Sold February 2015 Back to Archive

7 1/4 inch gauge Tich 0-4-0T "Jerry" - stock code 6412

I sold this one back in 2008, it had been built as one of a pair in the 1970s. It's recently come back in having had light club use for the last few years - the owner, having moved house has downsized to 5 inch gauge. Still runs as well as ever - there's a clip of it in steam outside the workshop here - finish is still good, although the cylinder cladding sheets could use repainting.

I remember reading the story of this engine in "Model Engineer" when I was a boy. The builder, having dreamed of retiring to a house with a large field for a railway found himself instead in rather more modest accomodation.

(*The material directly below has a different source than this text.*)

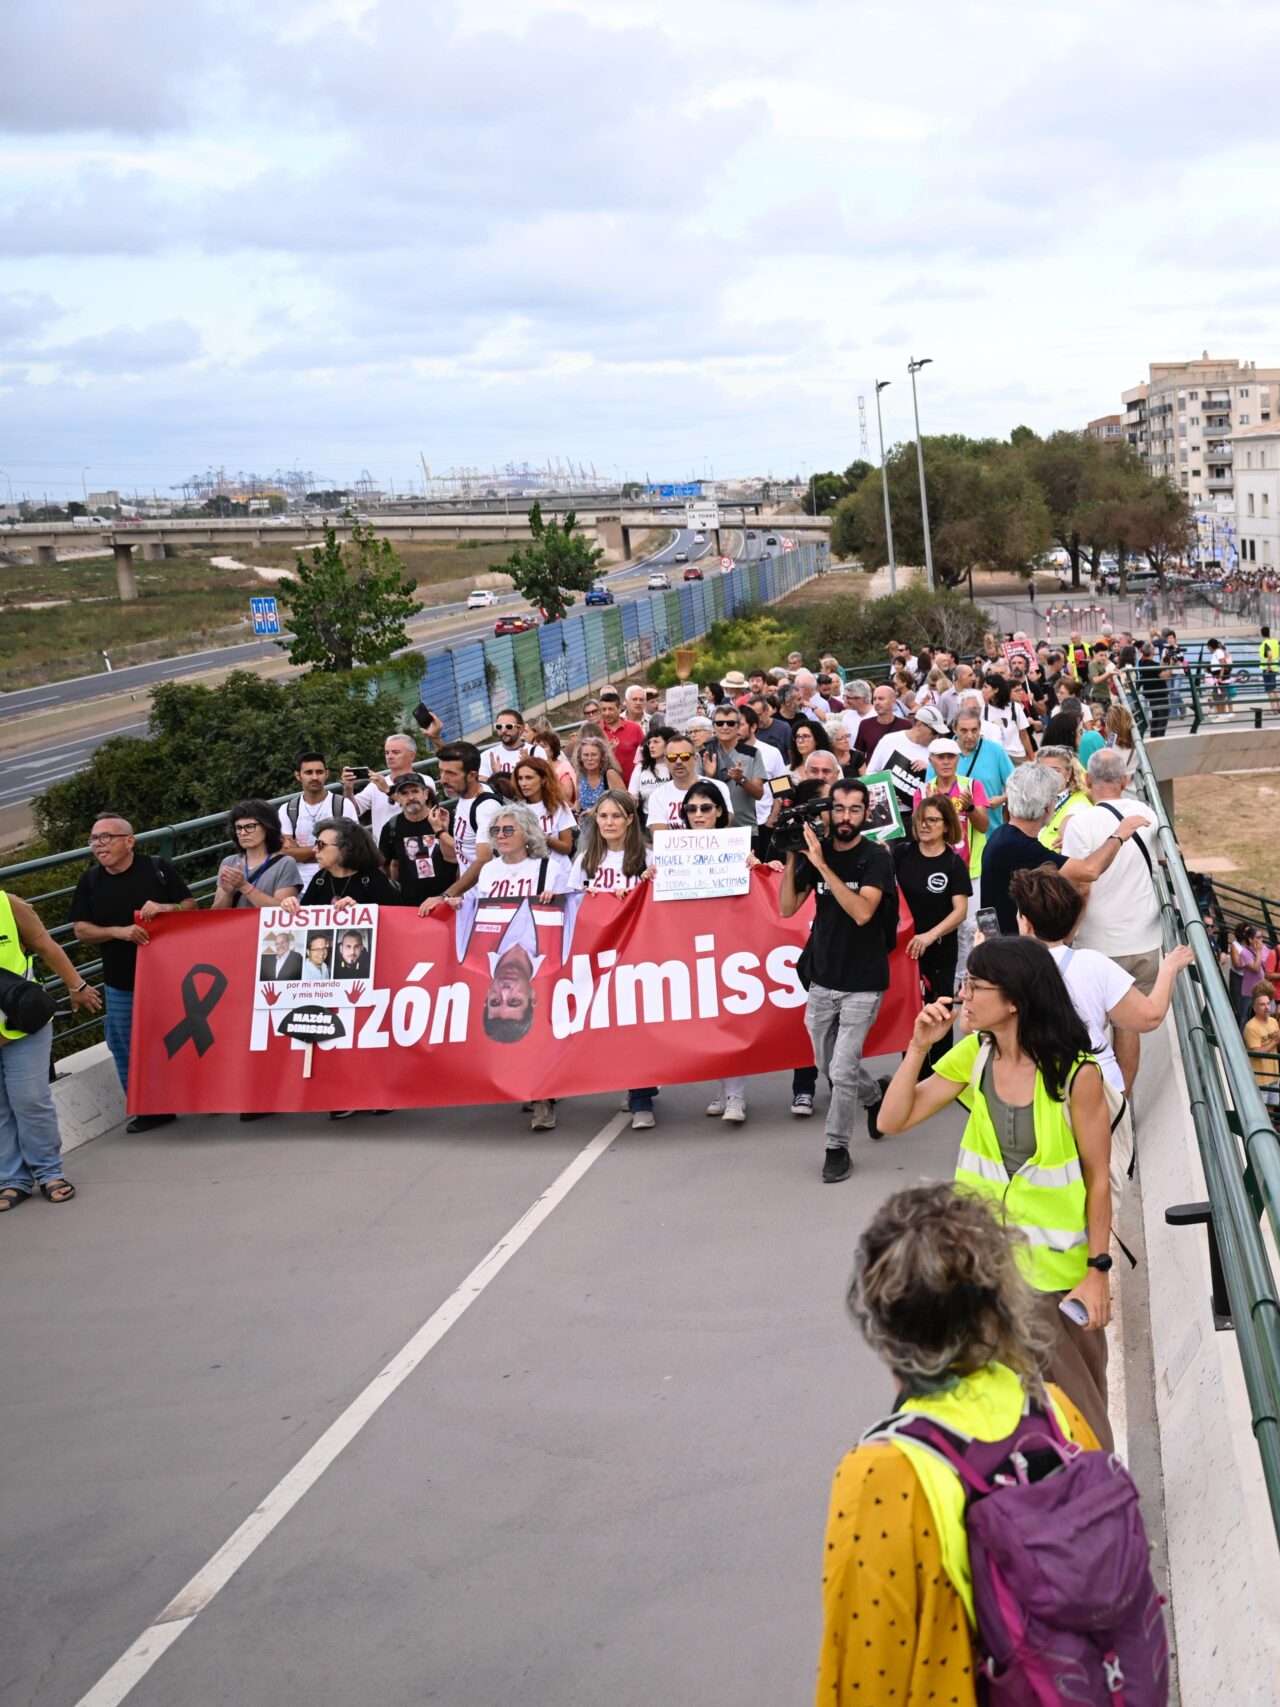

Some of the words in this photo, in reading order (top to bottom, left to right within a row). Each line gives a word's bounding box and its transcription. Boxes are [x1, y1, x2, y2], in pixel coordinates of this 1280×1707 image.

The locomotives that he had built in anticipation of his retirement were all too large for the railway that could be fitted into the land available, so he set to and built a saddle tank version of LBSC's "Tich", doubling up the drawings for 7 1/4 inch gauge.

So successful was this first engine, "Scotty", that the larger locomotives were sold and work commenced on another pair of Tichs. At the time the article was published, the two new engines were shown on the railway well on their way to completion.

It would be nice to know what happened in the intervening years, but thirty-three years later one of the pair remained unsteamed and the other appears to have been steamed once. Although completed, it appears the builder didn't get to run them on his railway after all.

Both engines have silver-soldered copper boilers by Chambers of Weymouth, working pressure 100psi, feed by injector and a hand pump rather ingeniously hidden inside the frame and worked remotely from the footplate. Cylinders with slide valves actuated by Walschaert's valve gear, pole reverser in cab. Sight feed lubricator with tank beneath footplate, steam brakes with driver's valve in cab. The water feed from the tanks has a spare union for a second injector if required, there is a spare steam takeoff on the fountain for same. Sturdy derailing bars are fitted at both ends.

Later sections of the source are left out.